*** Opening SUPPLIED MATERIAL ***
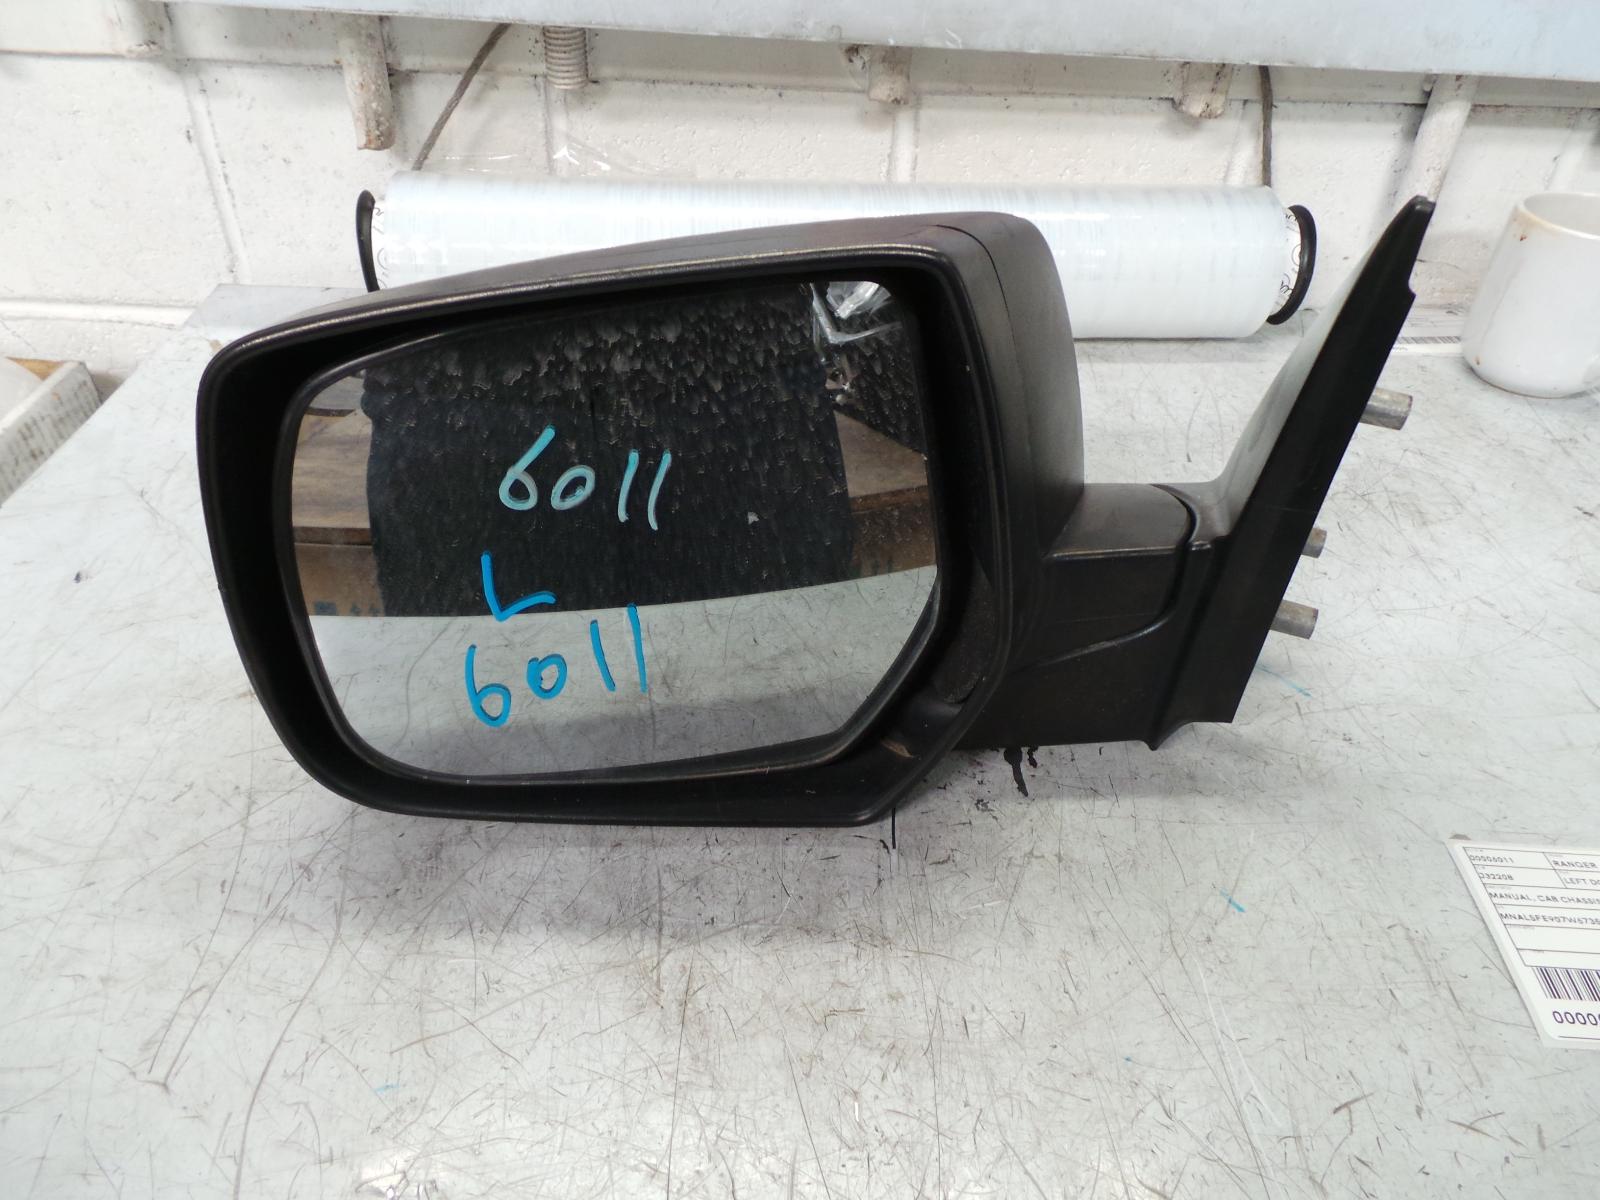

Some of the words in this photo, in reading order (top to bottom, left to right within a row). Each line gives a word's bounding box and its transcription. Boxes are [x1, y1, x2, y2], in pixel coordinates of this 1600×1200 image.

[499, 424, 672, 531] 6011
[480, 550, 557, 622] L
[464, 602, 648, 728] 6011
[1553, 860, 1598, 869] RANGER
[1563, 877, 1587, 886] LEFT
[1538, 895, 1559, 903] CAB
[1552, 1010, 1600, 1026] 0000
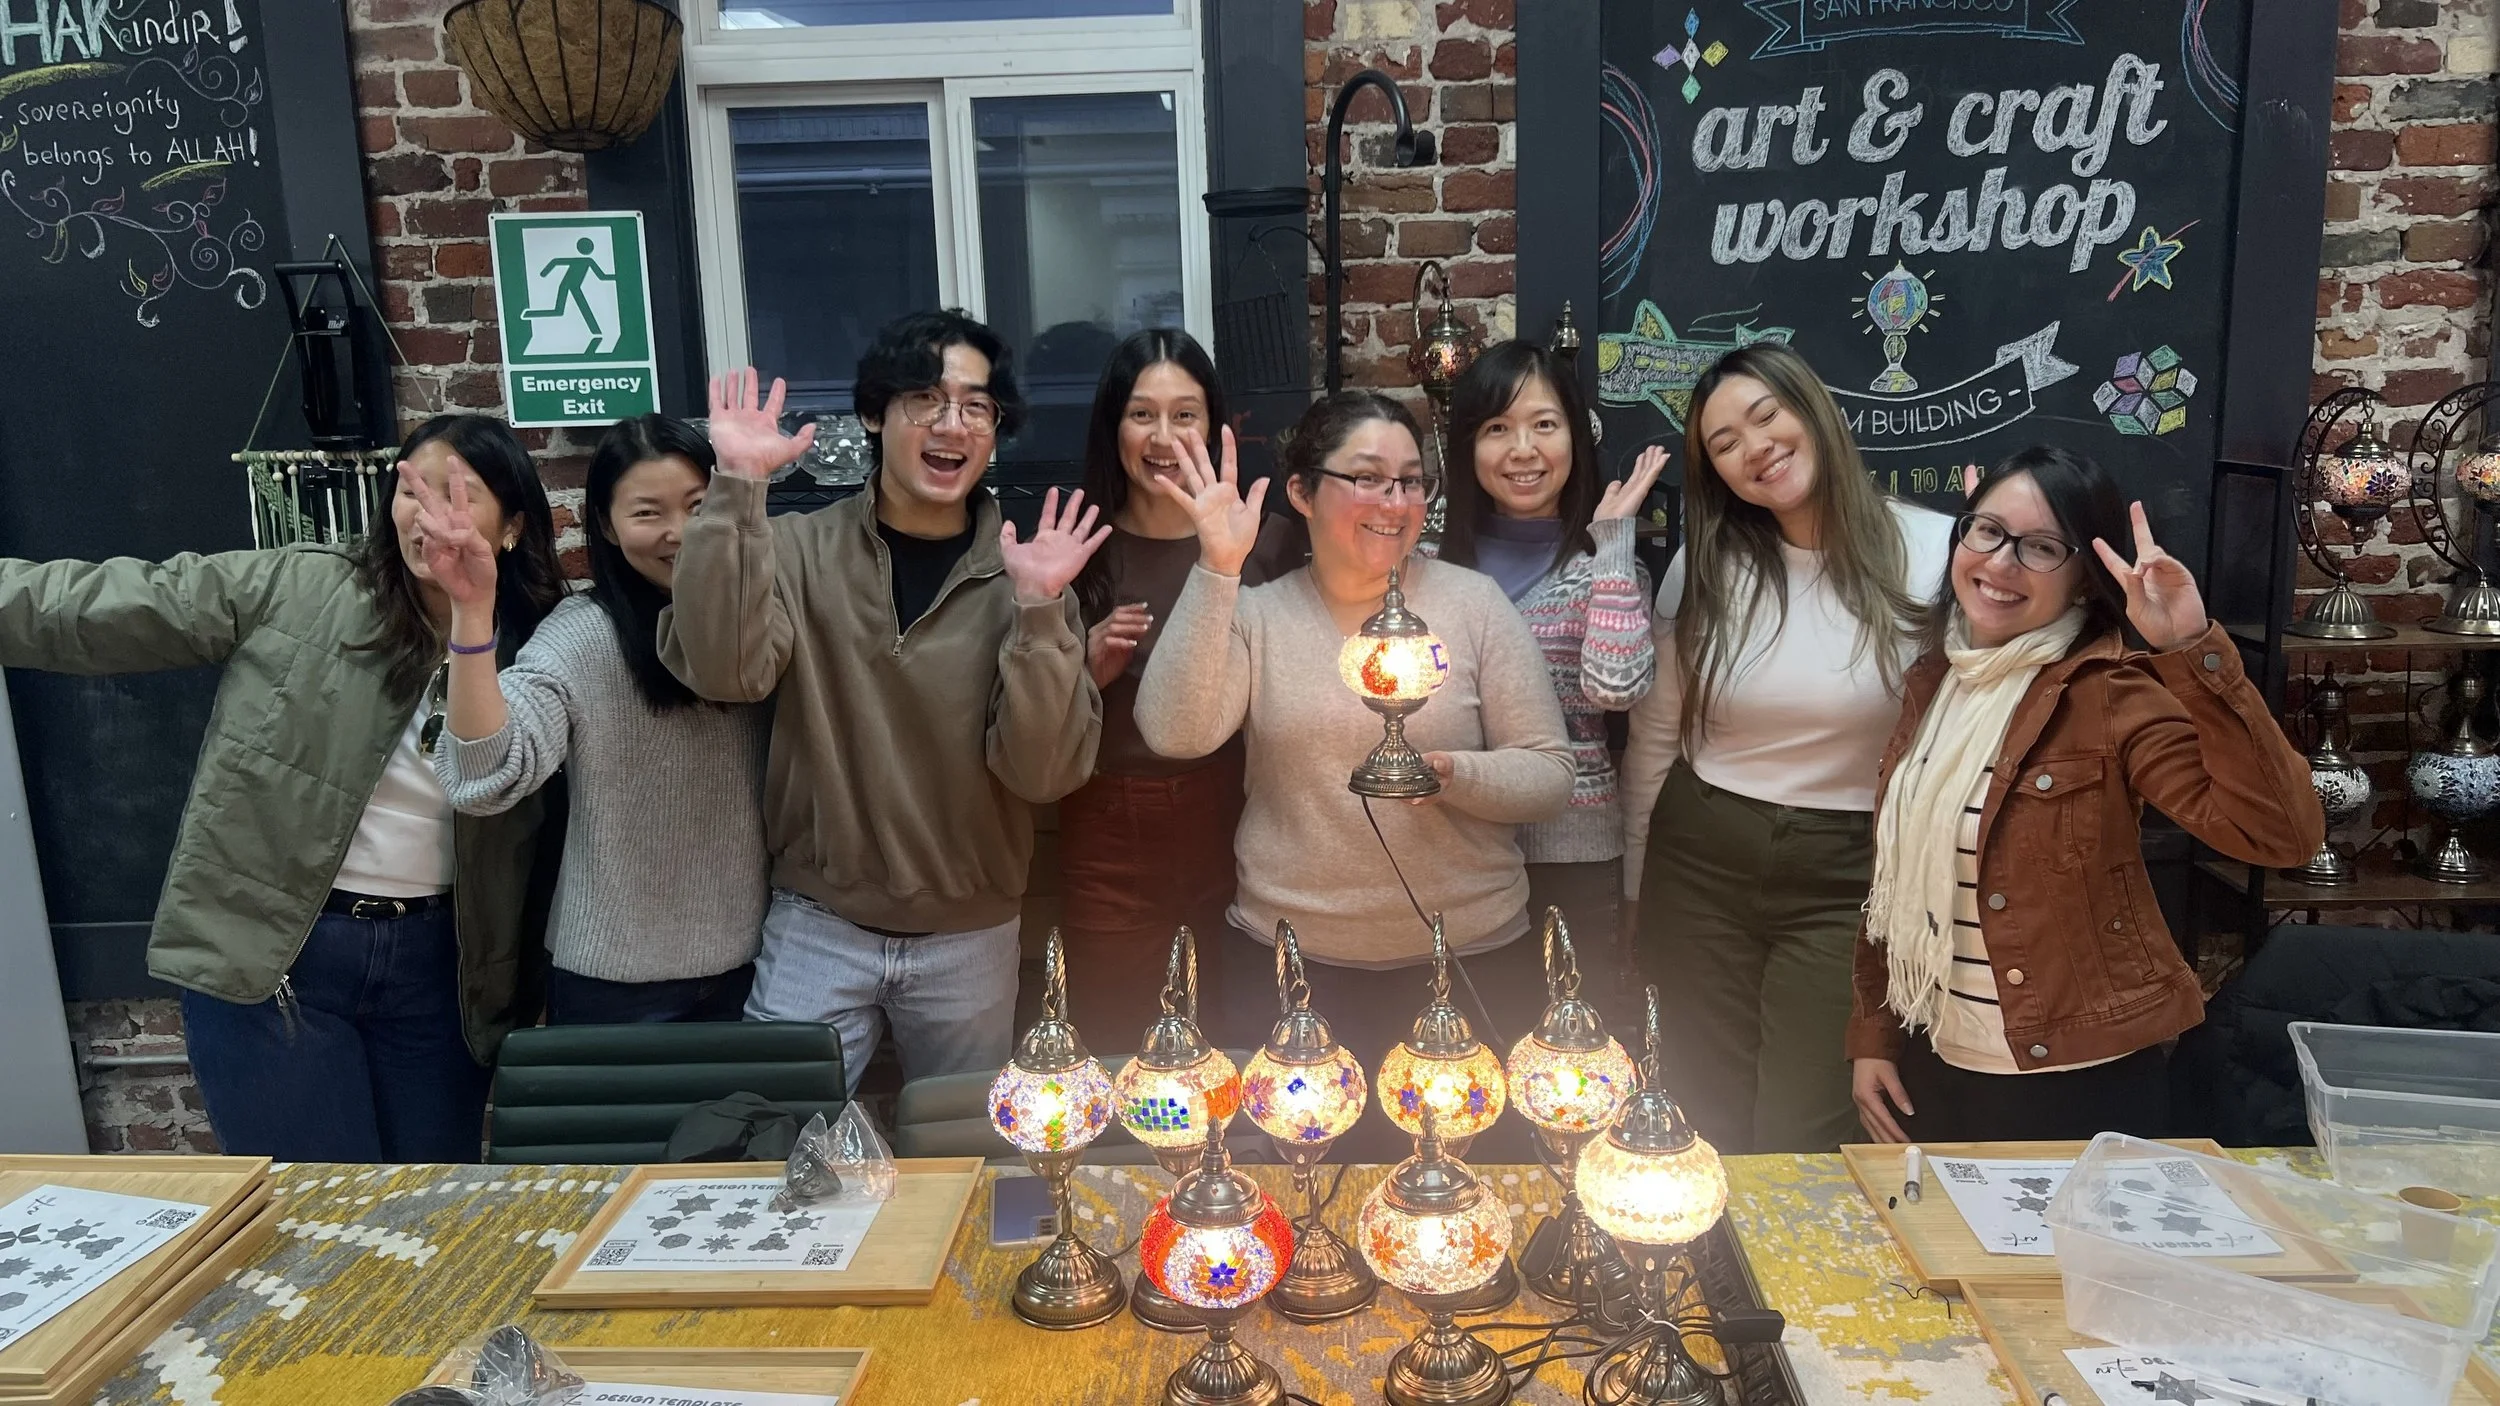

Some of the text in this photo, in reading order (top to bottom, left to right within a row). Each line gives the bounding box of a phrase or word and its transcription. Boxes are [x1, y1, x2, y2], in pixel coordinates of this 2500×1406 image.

[1691, 52, 2168, 177] art & craft
[128, 142, 152, 166] to
[1710, 165, 2137, 274] workshop
[521, 375, 642, 394] Emergency
[563, 398, 606, 415] Exit
[698, 1183, 749, 1192] DESIGN
[595, 1393, 656, 1405] DESIGN
*** Closing SUPPLIED MATERIAL ***
§ WORK INSTRUCTIONS: Leaving the pictures out, write out every entry exactly.

§ SOLUTION TO THE PROBLEM:
Some of the words in this photo, in reading order (top to bottom, left to right within a row). Each line gives a word's bounding box and its transcription. Boxes are [x1, y1, x2, y2], in pixel coordinates of this 1600×1200 image.

[499, 424, 672, 531] 6011
[480, 550, 557, 622] L
[464, 602, 648, 728] 6011
[1553, 860, 1598, 869] RANGER
[1563, 877, 1587, 886] LEFT
[1538, 895, 1559, 903] CAB
[1552, 1010, 1600, 1026] 0000

Some of the text in this photo, in reading order (top to bottom, left to right within a row). Each line gives the bounding box of a phrase or word and its transcription. Boxes are [x1, y1, x2, y2], in pixel coordinates of this 2500×1406 image.

[1691, 52, 2168, 177] art & craft
[128, 142, 152, 166] to
[1710, 165, 2137, 274] workshop
[521, 375, 642, 394] Emergency
[563, 398, 606, 415] Exit
[698, 1183, 749, 1192] DESIGN
[595, 1393, 656, 1405] DESIGN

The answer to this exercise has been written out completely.